An historic conference about biodiversity, land
management, farming and the shaping of future sustainable landscapes will be
held at Charles Sturt University (CSU) next week. It will cap a year of celebratory
bicentennial events in Bathurst.
The 'Biodiversity Dreaming' conference at CSU in Bathurst on Tuesday 10 and Wednesday 11 November will see leading scientists, farmers, environmentalists and Aboriginal people discuss their perspectives on land management practices in the NSW Central West – traditional Wiradjuri/Wiradyuri Country – from The Dreamtime to the present.
Chair of the Greening Bathurst Bicentennial Sub-committee, CSU Adjunct Professor David Goldney, said the conference focuses on the last 200 years of European inland settlement since Bathurst was established on 7 May 1815.
"As one of the last approved Bathurst Bicentennial events in 2015, it is both an historic event and a step forward in the Reconciliation process," Professor Goldney said.
"The conference title 'Biodiversity Dreaming' encapsulates the language of Aboriginal dreaming. Conference organisers sought permission of local Wiradyuri Elders to use the 'dreaming' term in this context."
Professor Goldney explained that the spelling of Wiradyuri is the preferred usage by Aboriginal people in the Bathurst local government area, and thus both Wiradyuri and Wiradjuri can be used according to the context.
He said the conference focuses on what was Wiradjuri Country in 1815, and what have been the impacts on biodiversity values.
"Speakers at the conference will challenge us to use Aboriginal wisdom and land management practices as well as science to help create future landscapes that are sustainable for biodiversity and agriculture," Professor Goldney said.
"This region is more or less what we now call Central West NSW," he said. "These lands constitute Australia's oldest inland European agricultural lands. At the time of settlement in 1815 these same lands were people-made cultural landscapes imagined and created by intentional Wiradjuri land management. It was these park-like Aboriginal-made landscapes that were so appealing to the early settlers and explorers. We now also understand that pre-European Aboriginal people were actively farming the landscape as well as exercising their role as hunter-gatherers.
"The conference brings together Aboriginal people, researchers in a number of disciplines, many of them actively working with Aboriginal people, as well as farmers, environmentalists, and other land managers to hear each other's stories."
Day One of the conference focuses mainly on examples of how European land management has impacted on the biodiversity values of the region, and what the 1815 landscape looked like and how it functioned.

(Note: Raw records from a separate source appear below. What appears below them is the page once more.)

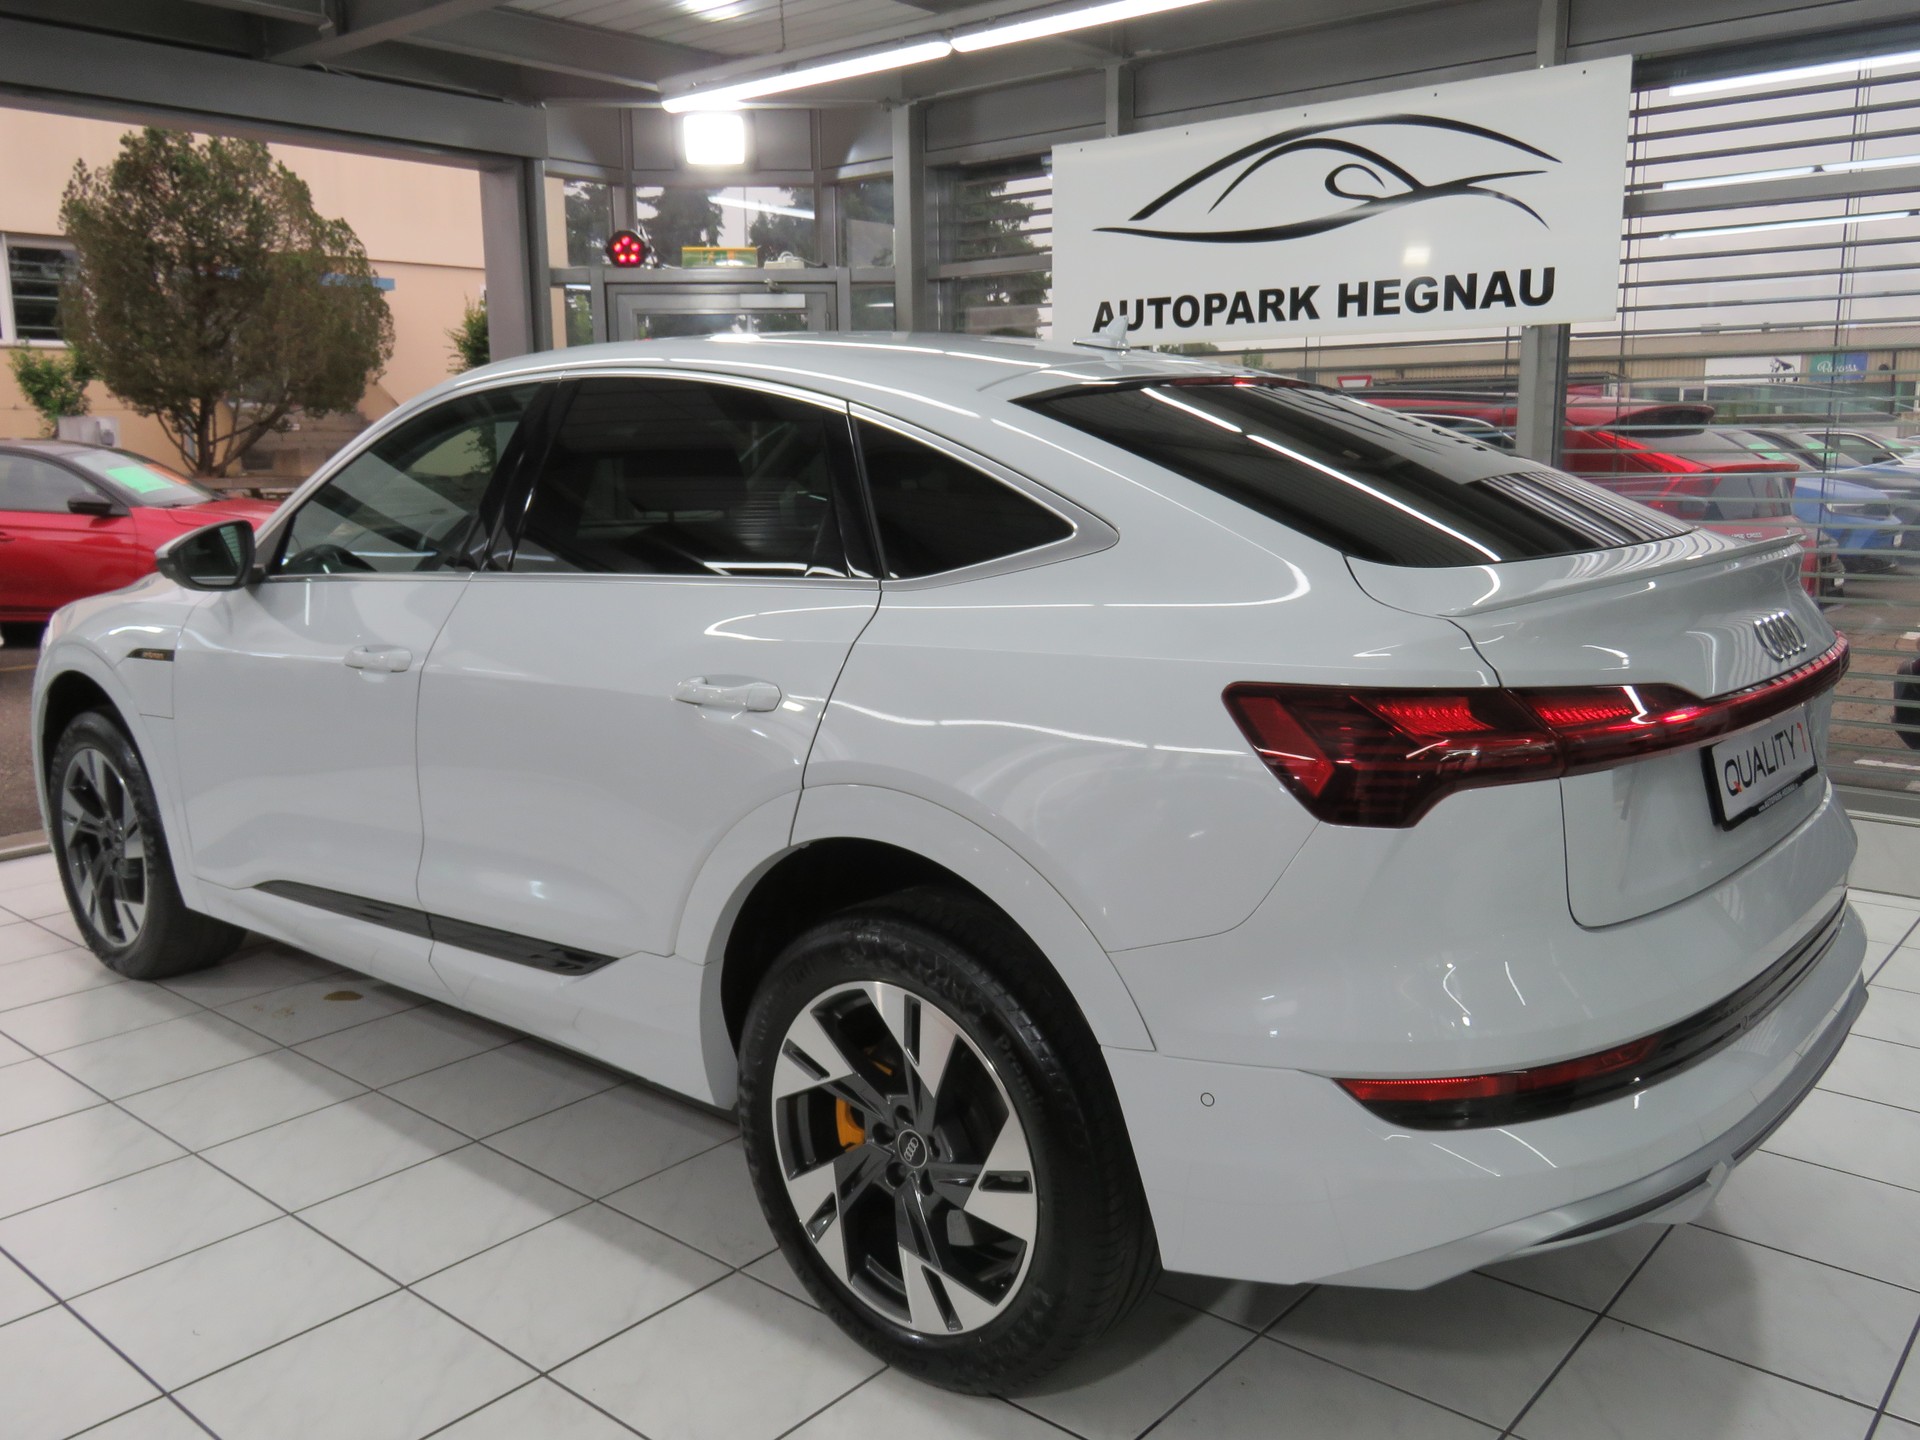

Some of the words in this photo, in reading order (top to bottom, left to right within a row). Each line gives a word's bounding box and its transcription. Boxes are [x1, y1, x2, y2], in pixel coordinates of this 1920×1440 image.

[1092, 285, 1320, 334] AUTOPARK
[1337, 267, 1555, 319] HEGNAU
[1724, 725, 1796, 797] QUALITY
[1796, 722, 1807, 753] 1
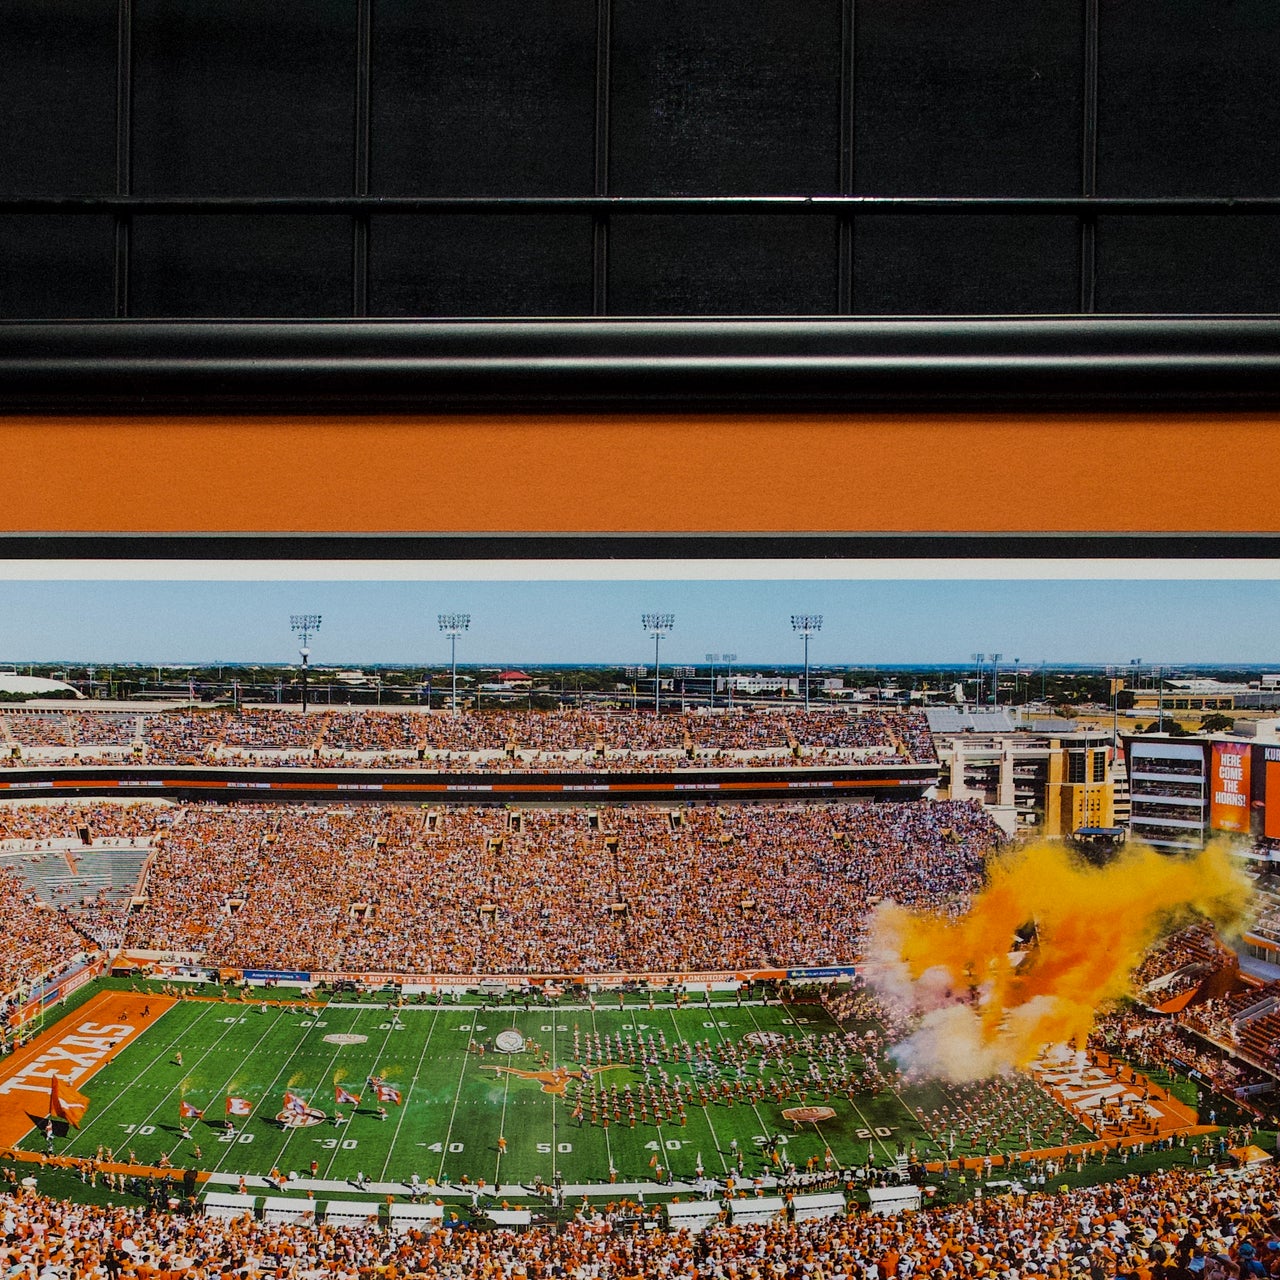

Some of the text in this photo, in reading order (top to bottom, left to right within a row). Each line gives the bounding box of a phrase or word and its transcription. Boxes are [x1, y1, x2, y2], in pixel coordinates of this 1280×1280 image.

[1221, 753, 1241, 767] HERE
[1219, 766, 1243, 780] COME
[1223, 779, 1239, 793] THE
[1215, 791, 1246, 807] HORNS!
[314, 974, 354, 982] DARRELL
[369, 975, 432, 984] ROYAL-TEXAS
[123, 1124, 156, 1135] 10
[855, 1127, 892, 1139] 20
[218, 1131, 255, 1144] 20
[321, 1138, 358, 1150] 30
[427, 1142, 464, 1153] 40
[536, 1142, 573, 1154] 50
[644, 1140, 681, 1151] 40

Day Two focuses on what astute land managers are doing, including Aboriginal people, farmers, and environmentalists, to repair degraded landscapes, and bring together both Aboriginal/Wiradjuri and non-Aboriginal wisdom to imagine and create future landscapes that sustain both biodiversity and production agriculture.
Professor Goldney said a number of Aboriginal people and Elders have remarked that the staging of this conference is an outstanding achievement since it brings Aboriginal and non-Aboriginal people together in a journey that will help repair Country through future sustainable land management practices.